The surgical incisions take several weeks to heal, during which time exercise should be restricted. Stitches should be removed by your veterinarian 10-14 days after the procedure. Periodic follow up evaluations may be performed with your veterinarian, or UC Davis. Dr Griffiths will remain in contact both with the client and the referring veterinarians (cardiologist and general practitioner), and is available for consultation whenever the need arises. Most dogs require some continued medication following the procedure, usually in an effort to aid return to normal heart muscle function.
How do I schedule a procedure?
Due to high demand, there is commonly a waiting list for surgery of several weeks to months (emergency surgery is not currently an option). Fortunately, most dogs who are appropriate candidates for open heart surgery can tolerate the wait with appropriate medical care.
Prior to discussion of scheduling, the patient should be evaluated by a medical cardiologist (preferable board certified). Access to the findings of your cardiologist is essential in providing an accurate assessment for your dog and in planning the surgical procedure to be performed. In order to accurately assess the case, the following checklist items should be available before consulting is sought.
1: Body Weight, Age, Gender and Breed of the patient.

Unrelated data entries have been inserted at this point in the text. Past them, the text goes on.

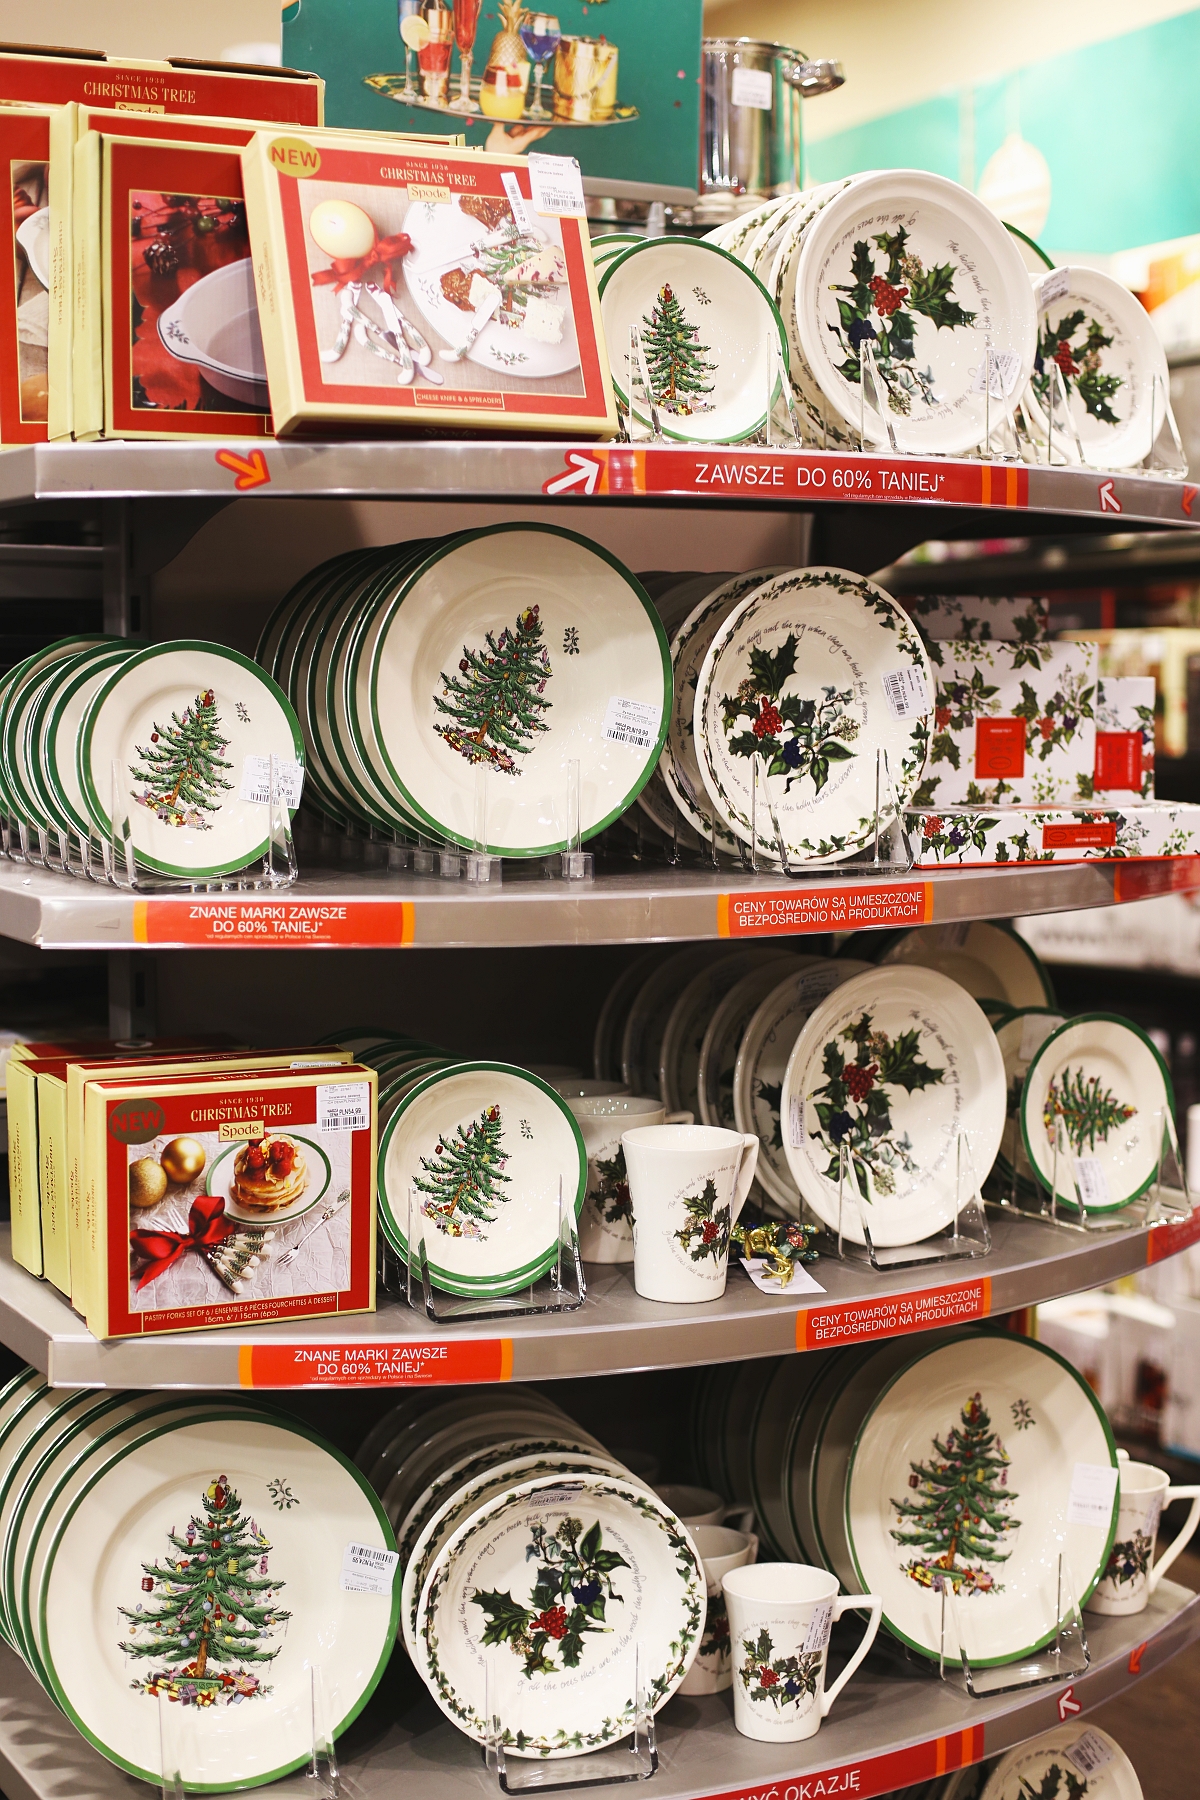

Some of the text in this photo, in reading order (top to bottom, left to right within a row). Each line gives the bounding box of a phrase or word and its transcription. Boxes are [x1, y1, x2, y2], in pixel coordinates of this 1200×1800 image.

[116, 74, 141, 82] SINCE
[84, 82, 196, 103] CHRISTMAS TREE
[271, 146, 318, 168] NEW
[406, 161, 428, 170] SINCE
[380, 167, 476, 186] CHRISTMAS TREE
[695, 464, 784, 485] ZAWSZE
[797, 468, 826, 487] DO
[832, 469, 871, 489] 60%
[189, 907, 346, 919] ZNANE MARKI ZAWSZE
[734, 892, 922, 914] CENY TOWARÓW SĄ UMIESZCZONE
[739, 905, 917, 926] BEZPOŚREDNIO NA PRODUKTACH
[213, 922, 234, 932] DO
[238, 922, 267, 933] 60%
[111, 1110, 164, 1133] NEW
[190, 1103, 292, 1123] CHRISTMAS TREE
[215, 1304, 243, 1314] ENSEMBLE
[249, 1302, 268, 1310] PIÈCES
[269, 1298, 306, 1308] FOURCHETTES
[260, 1310, 279, 1319] (6po)
[812, 1287, 981, 1328] CENY TOWARÓW SĄ UMIESZCZONE
[816, 1301, 977, 1340] BEZPOŚREDNIO NA PRODUKTACH
[294, 1348, 447, 1362] ZNANE MARKI ZAWSZE
[318, 1364, 338, 1374] DO
[342, 1363, 370, 1374] 60%
[785, 1770, 860, 1800] OKAZJĘ

2: A brief synopsis of the medical history, especially that which pertains to episodes of congestive heart failure. This information is best conveyed as a letter of referral from your cardiologist. Any other medical conditions (eg renal disease) should also be clearly stated in the synopsis.

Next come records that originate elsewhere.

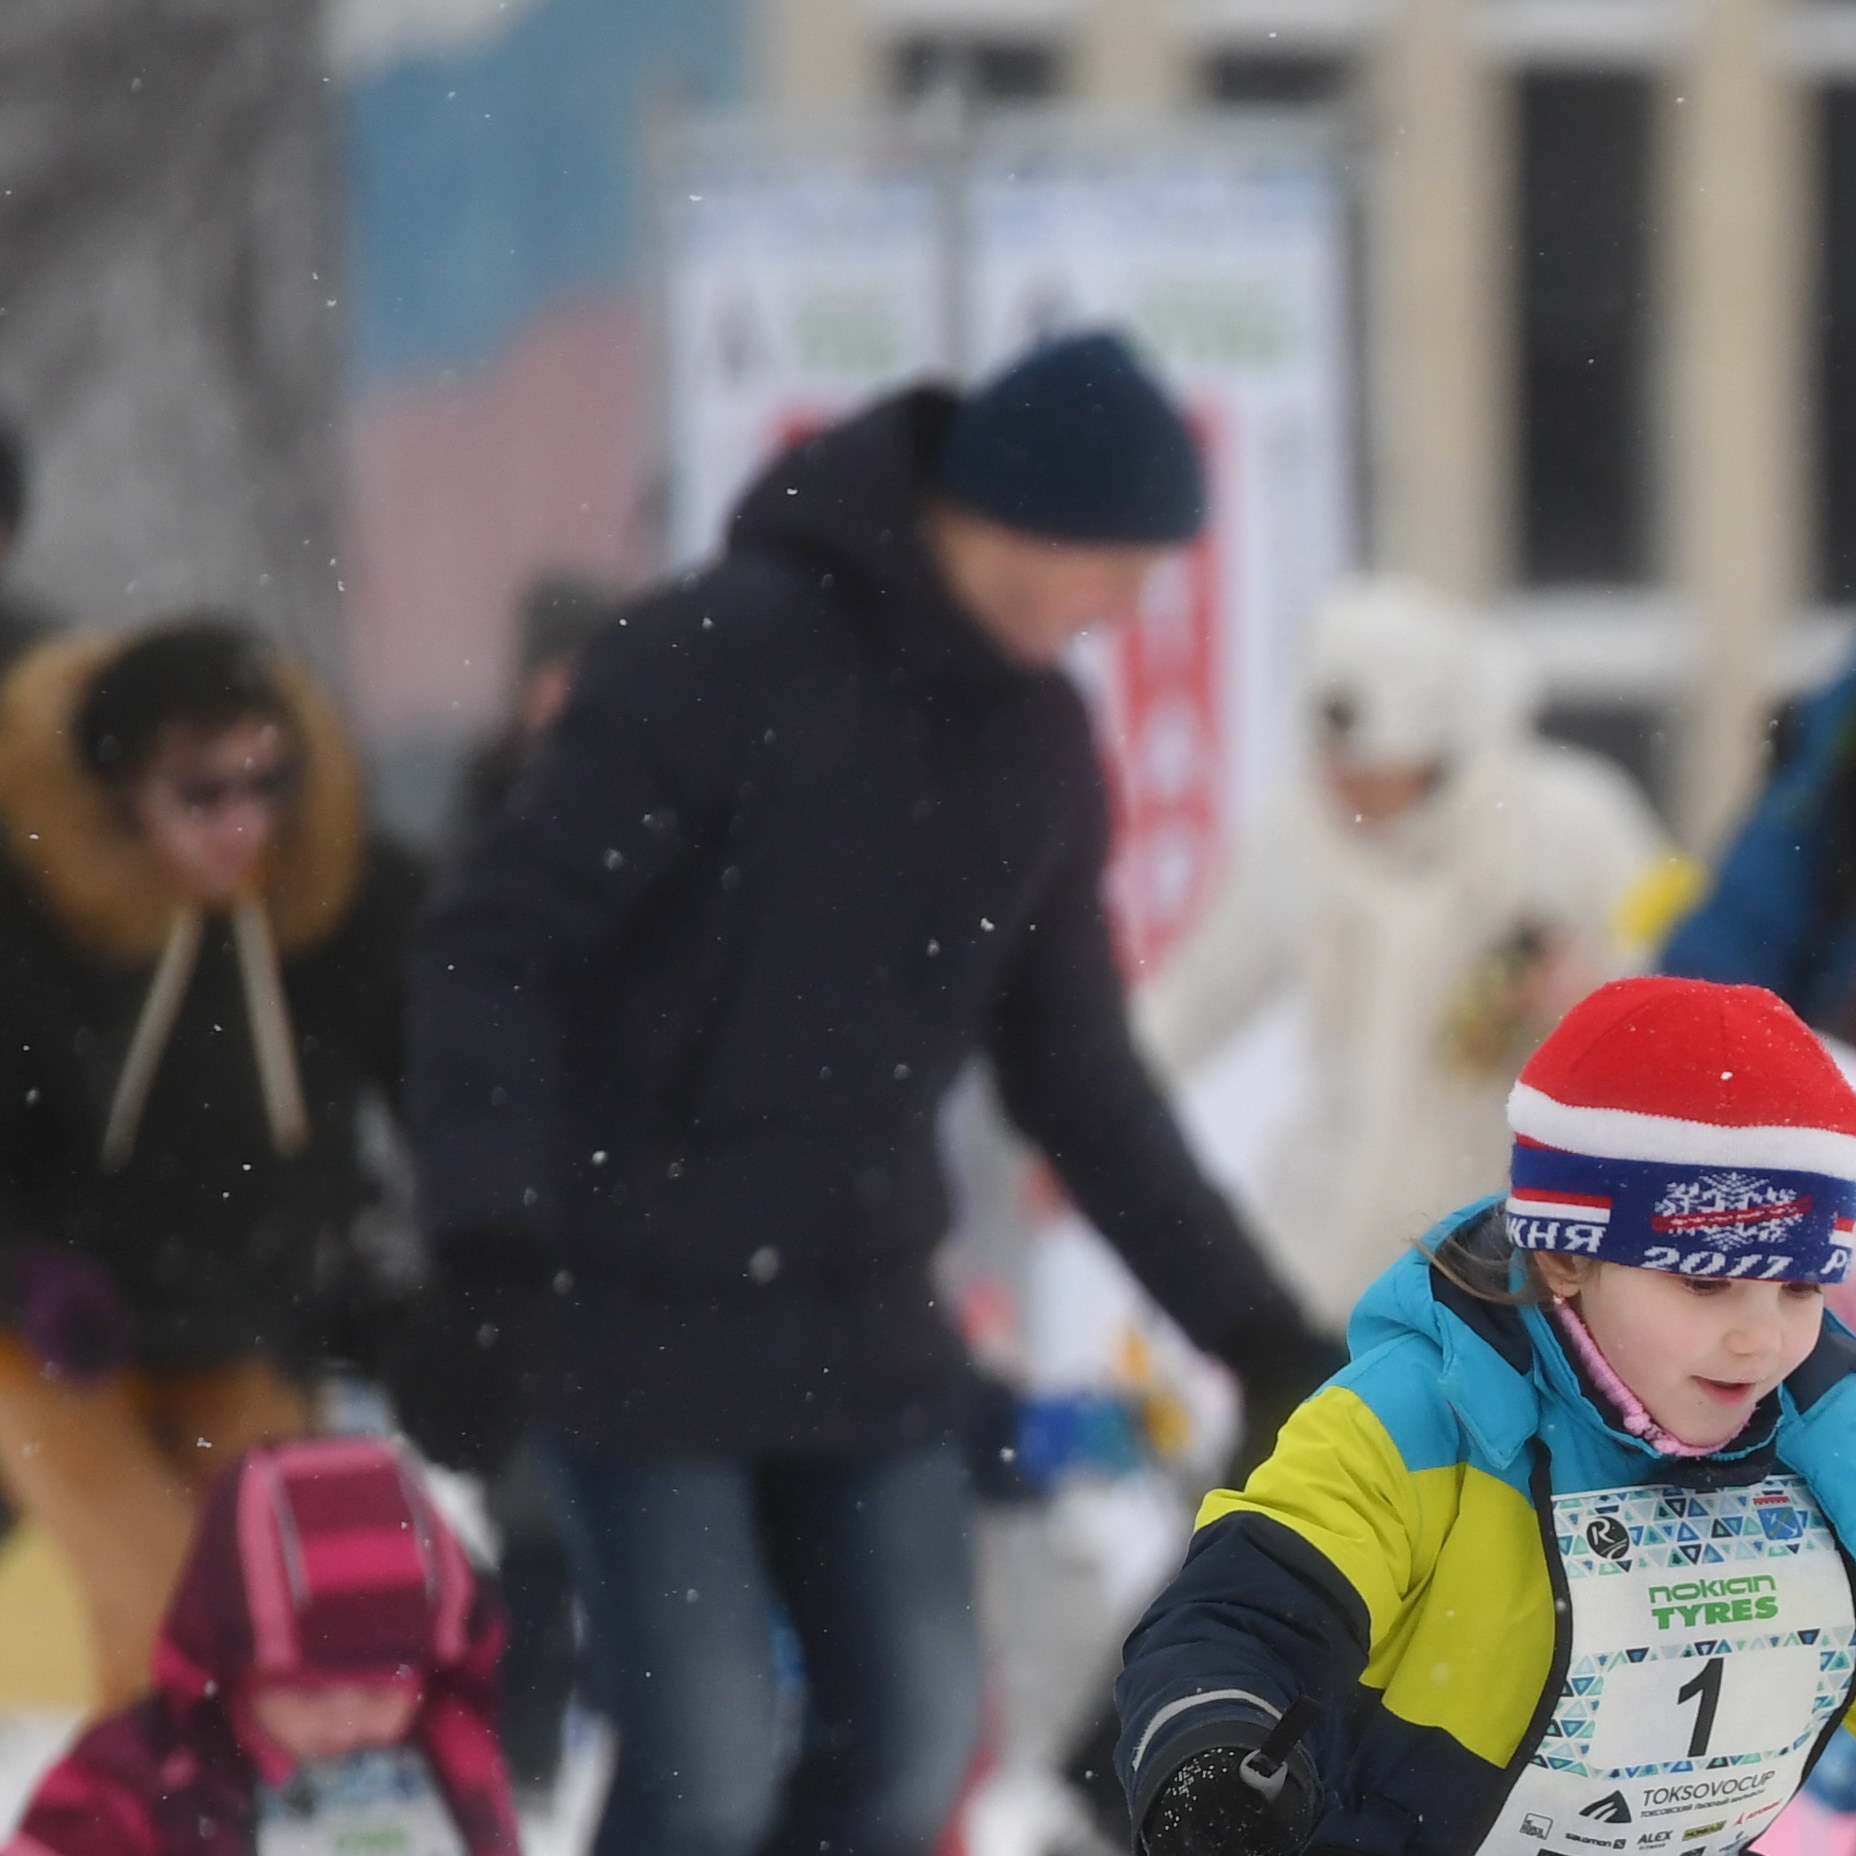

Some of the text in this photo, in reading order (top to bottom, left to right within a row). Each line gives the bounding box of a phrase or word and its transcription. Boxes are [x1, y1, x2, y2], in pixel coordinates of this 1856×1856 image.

[1641, 1246, 1794, 1280] 2017
[1648, 1574, 1777, 1604] nokian
[1651, 1596, 1780, 1630] TYRES
[1677, 1657, 1725, 1758] 1
[1643, 1770, 1776, 1807] TOKSOVOCUP
[1637, 1829, 1674, 1845] ALEX

3: Echocardiography images and measurements should be supplied. Ideally this should include video and still images of the lesion.
4: Radiographs, complete blood count, serum chemistry panel, and urine analysis should all be supplied where available.

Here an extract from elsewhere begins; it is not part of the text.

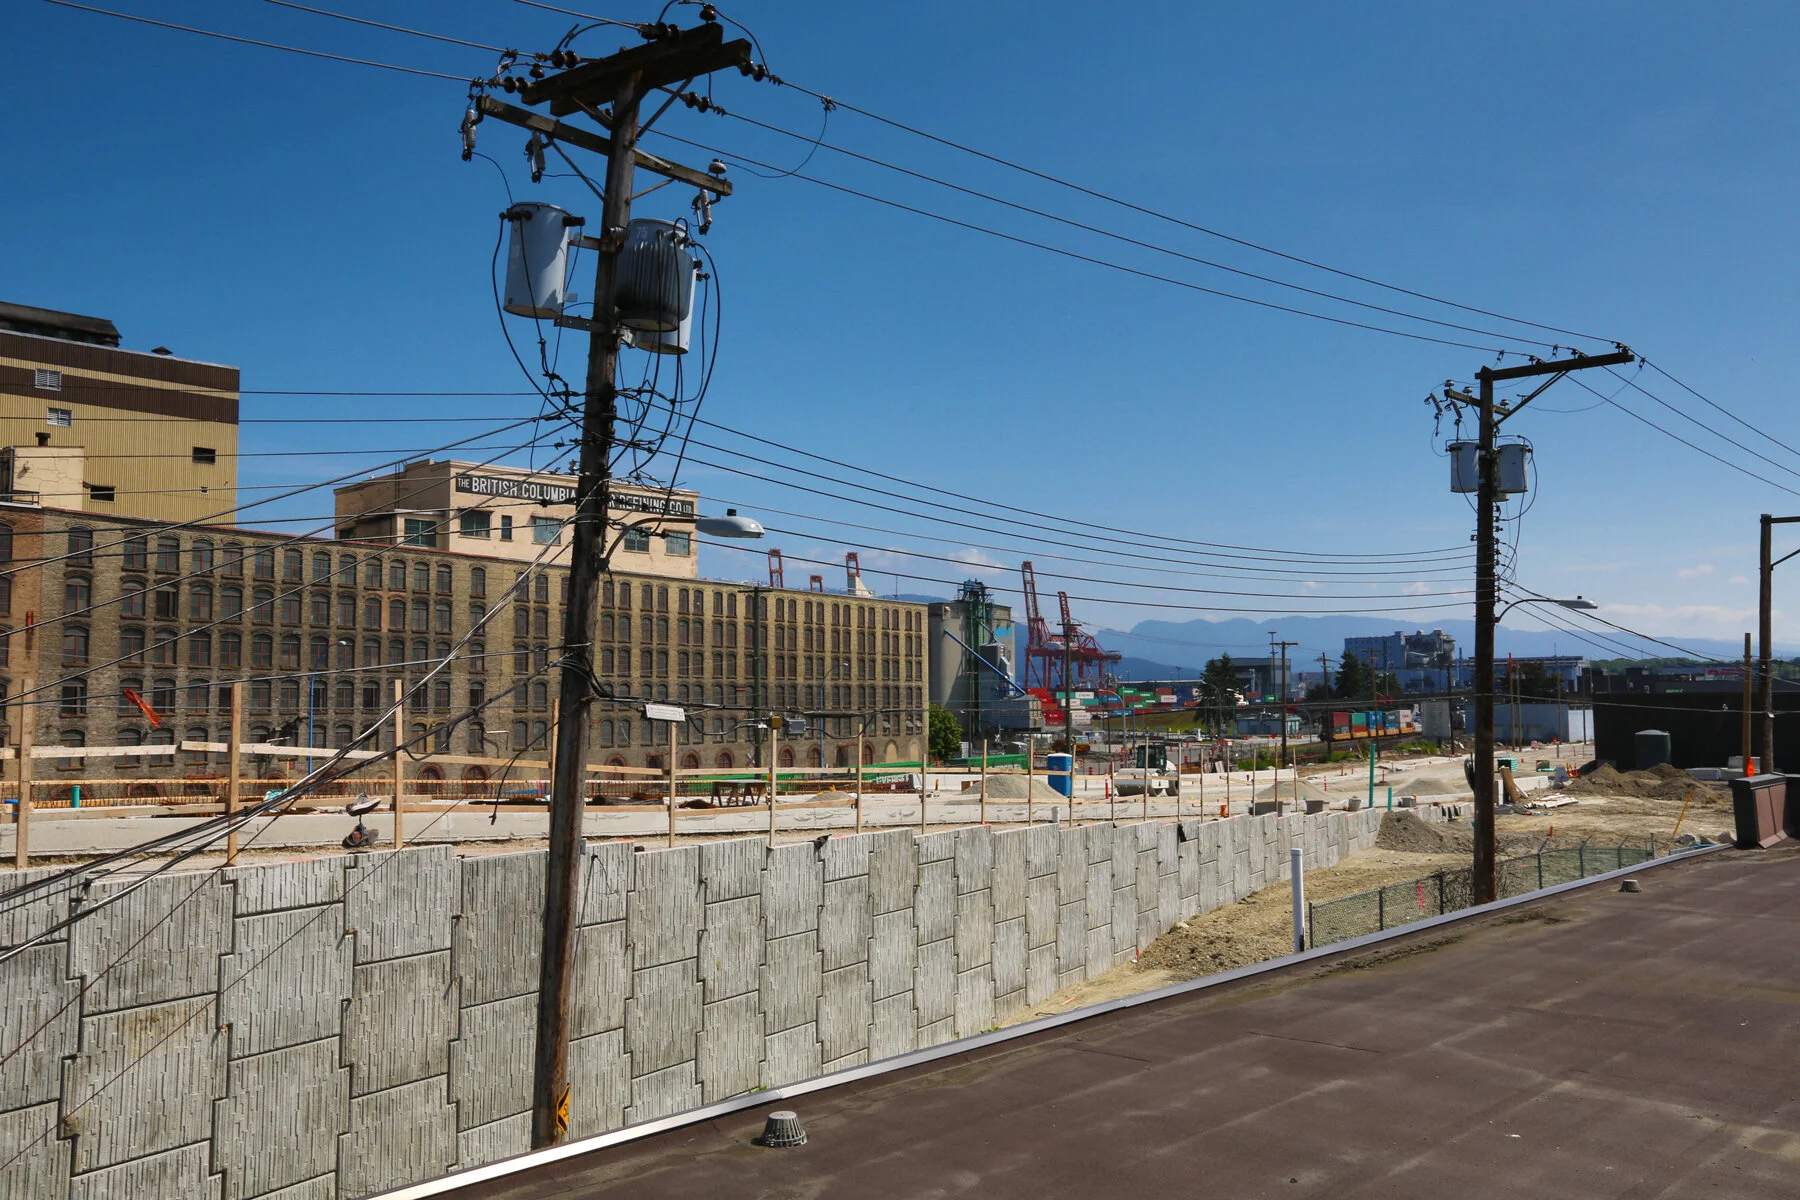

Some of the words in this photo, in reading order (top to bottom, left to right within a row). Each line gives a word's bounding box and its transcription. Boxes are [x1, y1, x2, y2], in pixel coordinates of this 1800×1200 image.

[458, 478, 470, 488] THE
[471, 477, 518, 497] BRITISH
[521, 484, 576, 501] COLUMBIA

5: Blood type is essential and should be supplied prior to scheduling of the case.
Contact for a consultation should be made by the owner, referring veterinarian or both directly to Dr Griffiths (firstname.lastname@example.org, or 530 754 0334). The consultation will include phone conversations between Dr Griffiths, the veterinary cardiologist and the owner, as well as a review of the appropriate medical data (radiographs, echocardiography findings, blood work etc). Following consultation, if appropriate, the patient will be placed on the waiting list and possible surgery dates discussed.
What if $10,000 -12,000 dollars is too much for me to afford?
The procedure for open heart surgery at UC Davis is exactly the same as that which is performed on human patients. Although $10,000 - 12,000 is a significant expense, the cost is actually very minimal when the complexity of the surgery, the huge number of doctors involved in the team and the intense one-on-one care the dog and client receives are taken into account. However, we realize that for many clients the price is simply out of reach. Unfortunately, no mechanism currently exists for subsidizing open heart surgery procedures. However, for some procedures that are performed using the open heart machine, other alternative surgical procedures exist which do not require Cardiopulmonary Bypass. Consultation with Dr Griffiths will always lead to discussion of these options, where applicable, and may present alternatives which offer a significantly lower financial cost.